Hydrogel electrolyte based secondary batteries are promising for wearable electronics, yet face challenges including limited mechanical resilience, and narrow temperature range. Herein, we report a robust deep-eutectic hydrogel electrolyte fabricated via synergistic interplay of dual nanophase separation, hydrated eutectic solvation, and hydrogen-bond networks. The interwoven nanophase separation architecture, integrating hydrophilic polyvinyl alcohol phases and hydrophobic polyacrylonitrile phases, realizes high fracture-strength (4.1 MPa) and toughness (13.66 MJ m^-3). Meanwhile, deep-eutectic chemistry modulates Zn²⁺ solvation structures and leverages cyano-coordination channels of polyacrylonitrile to achieve high Zn²⁺ ionic conductivity (28.2 mS cm^-1) and transference number (0.65) at 20 °C. Concurrently, abundant hydrogen bonds induced by multiple donor sites of hydrophilic phases, urethane, and Zn(ClO₄)₂ immobilize active H₂O to ensure broad-temperature durability.
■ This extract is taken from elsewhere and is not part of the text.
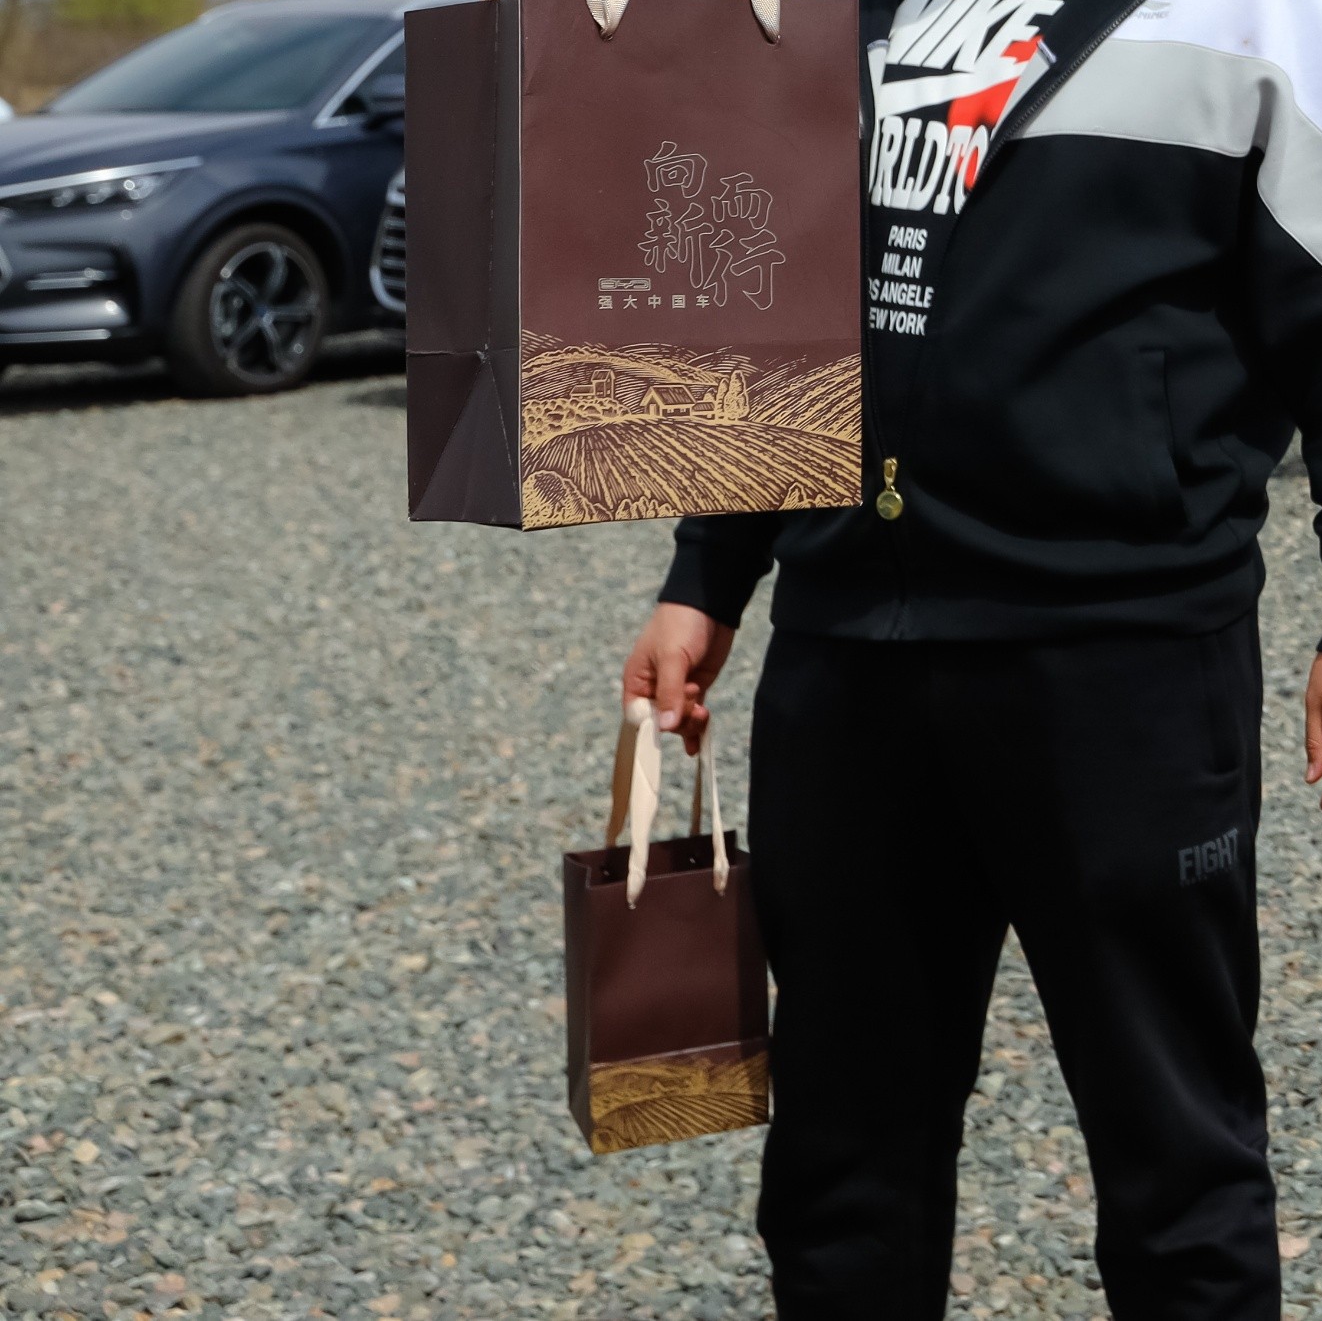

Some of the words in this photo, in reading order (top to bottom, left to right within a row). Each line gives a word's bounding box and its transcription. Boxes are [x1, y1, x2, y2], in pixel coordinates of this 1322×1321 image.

This tripartite synergy directs planar Zn deposition along (002) planes and suppresses dendrite growth, enabling Zn||I₂ batteries with a thinner-than-paper thickness (42 μm) and high flexibility. The assembled Zn||I₂ batteries demonstrate high specific energy (108.99 Wh kg^-1) and cycling stability (over 36,000 cycles under -40 to 80 °C). In this work, the convergence of molecule design, phase modulation, and process engineering establishes a feasible methodological framework for developing advanced flexible batteries that integrate high energy density and harsh environment tolerance.